Despite all that, business is booming. Just ask Mr. Trump—his son Eric, that is. The younger Mr. Trump, who serves as exec VP-development and acquisitions for the privately held Trump Organization, told Ad Age that his father's campaign has "absolutely positively" affected business performance.

"From a macro level, he's probably the most talked about person on earth right now, and I don't say that lightly," said Eric Trump. "I don't think there's anyone who has gotten the exposure he's gotten."

The tremendous media coverage for the Republican candidate has helped strengthen Trump's brand. "The actual businesses are the most profitable they've ever been and our distribution channels are up," said Eric Trump.

He added that occupancy and performance of the hotels and golf courses are the best they've ever been, and the winery business did more online sales this January than all of 2015. According to a breakdown of hotels from the Trump Organization, the Trump National Doral Miami saw revenue jump $35 million year-over-year in 2015, and Trump Las Vegas' revenue per available room grew 6.1% in the last six months.

On the residential side, Trump Vancouver, expected to open this summer, is already completely presold, said the younger Mr. Trump. "You wouldn't be 100% sold out of all residential units at the highest price per square foot in the history of the city if you didn't have people who really appreciate and admire your brand."

Because the company does not publish public numbers, any outside accounting is hard to come by. Last month, the BBC reported that the Trump business empire has seen revenue increase by $190 million since Mr. Trump entered the presidential race.

CityRealty.com Research Director Gabby Warshawer said Trump condos in New York have seen a slight increase in sales from 26 units in the first quarter of 2015 to 30 this quarter. "Historically, the name and the brand was synonymous with a certain level of luxury, so buyers purchased in the building and probably still do because they knew they were getting certain amenities and a certain lifestyle, so the Trump name has worked in terms of branding," said Ms. Warshawer.

Gene Grabowski, partner at Washington, D.C.-based public affairs firm Kglobal, said it stands to reason that Trump's businesses are doing well monetarily even as he loses appeal among upper-middle-class groups because he's gaining support from people turning out to vote for him.

The question is, he said, will this other group making "$50,000 or $60,000, who may buy a Trump necktie every other year" have enough buying power to support the brand in the long run?

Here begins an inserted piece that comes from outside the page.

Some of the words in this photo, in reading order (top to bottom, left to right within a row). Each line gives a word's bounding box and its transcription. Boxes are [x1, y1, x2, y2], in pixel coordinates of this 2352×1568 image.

Mr. Grabowski made the point that Mr. Trump's actions are beyond divisive. "Even those who support him or may say something favorable would be cautious about letting people know they bought a Trump necktie or stayed at his hotel—it's not a popular thing to do right now," he said. Mr. Grabowski attended an event at a Trump property in Chicago, and while it was a success, because so many attendees complained about the venue, it's moving to a different locale next year.

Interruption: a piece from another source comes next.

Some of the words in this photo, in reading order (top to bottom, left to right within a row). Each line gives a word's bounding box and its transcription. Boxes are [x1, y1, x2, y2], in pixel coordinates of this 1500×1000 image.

"Politics can certainly be polarizing, but if you're a Trump fan, you're a Trump fan," said Eric Trump, adding that the business is about the best service, locations and products in the world.

Howard Opinsky, exec VP-corporate advisory practice leader at Hill & Knowlton Strategies, who served as a Republican campaign strategist for years, said the days of brands being void of a political voice are over.

"Whenever brands take a political stance, they tend to both turn away a number of potential customers that might otherwise want to work with them and attract a group of advocates," said Mr. Opinsky. He said businesses have to decide if they want to engage a broad audience or one with intensely loyal, like-minded people.

At this point, it's "virtually impossible" for any of the businesses to distance themselves from Mr. Trump's campaign, but Mr. Opinsky said he wouldn't advise them to anyway because "I don't know if anyone would buy it."